A Basic Income arguably represents an opportunity to transform not only the size of the welfare state, but the state in toto (libertarians would see it as enabling a smaller, less intrusive state, for example, whereas its appeal to socialists lies in its potential for redistributive effects).  One under-explored point on the spectrum is that of the feminist arguments in its favour, which although not uncontestable, are worth considering.

Before proceeding, it is worth clarifying what I mean by ‘Basic Income’, as there are several iterations of a broadly similar idea floating around under the same heading.

My conception of ‘Basic Income’ is that of a universal transfer payment made to each eligible adult, with a taper commencing at the same level as the 40% tax band. It is not a Negative Income Tax, as advocated by Milton Friedman, as I think this over-complicated, and the virtue of a BI lies in its simplicity. It would replace all means-tested benefits, and crucially for the feminist argument, would be paid on a individual basis, rather than that of the household.

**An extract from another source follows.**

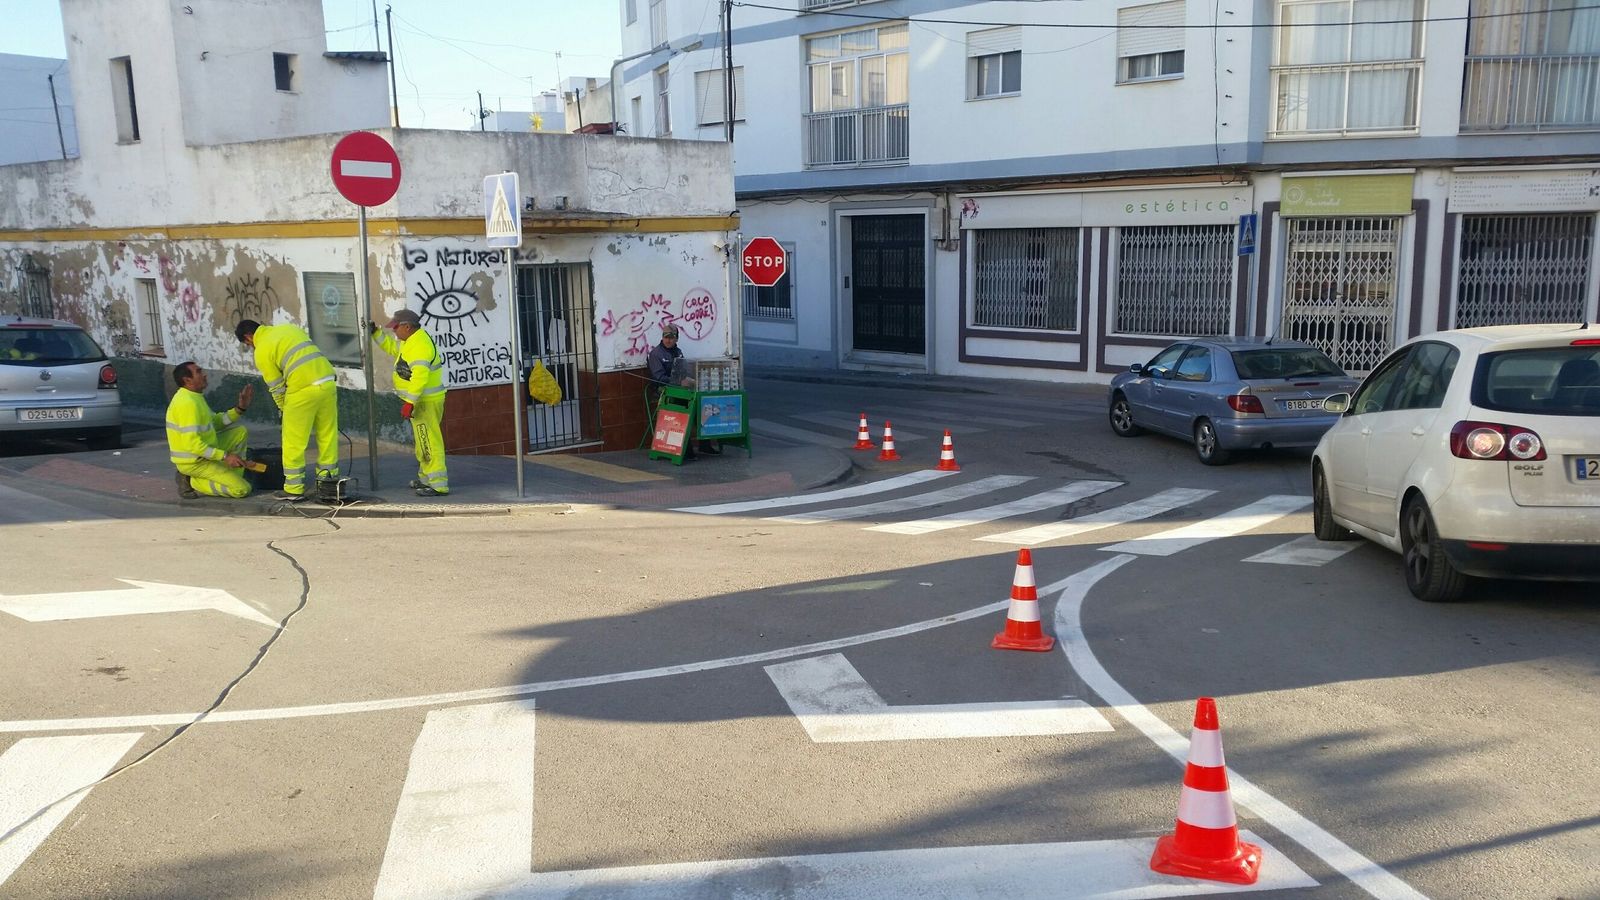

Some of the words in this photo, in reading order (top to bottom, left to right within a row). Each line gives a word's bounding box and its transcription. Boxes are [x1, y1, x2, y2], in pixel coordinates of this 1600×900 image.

So, why would feminists be in favour of a Basic Income? To answer this, I found myself returning to Virginia Woolf’s ‘A Room of One’s Own’, her extended essay examining the necessity of specifically economic liberation for women’s freedom.

Woolf’s essay has of course, rightly and inevitably, come under fire for both its class and cultural assumptions, but I contend that its essential point that economic liberation is a necessary condition for freedom remains valid - not least because of the Wollestonecroft double bind faced by women living under late-stage, liberal capitalism.

The double bind is this: in order for women to achieve equality under the current system, they are required to join the world of waged work, constructed and dominated by male priorities. If their difference, their gender-specific needs and abilities (especially related to the care of children) are prioritised, women will be marginalised from the world of paid work and thereby lose both social status and financial reward.

A Basic Income would cut through this double bind, enabling women to make an authentic choice as to where on the spectrum their preference lies between paid work and any caring responsibilities women might choose to undertake.  Furthermore, a Basic Income paid to individuals would advance equality between partners, by more closely aligning their financial ‘opening balances’. As a secondary effect it would enable men to take a greater role in childcare which would in turn would assist in removing the stigma of ‘women’s work’ from caring. The transformative effect would be beneficial to all parties and to society.

A further advantage of BI, albeit one that is open to accusations of special pleading, is the support it would give to women in abusive relationships. Financial control, ranging from outright appropriation to coercive control of a couples’ finances, to a women being forbidden to work outside the home, is a known feature of abuse. An independent income, as of right, and which does not have to be applied for, would be a significant assistance to women in these situations.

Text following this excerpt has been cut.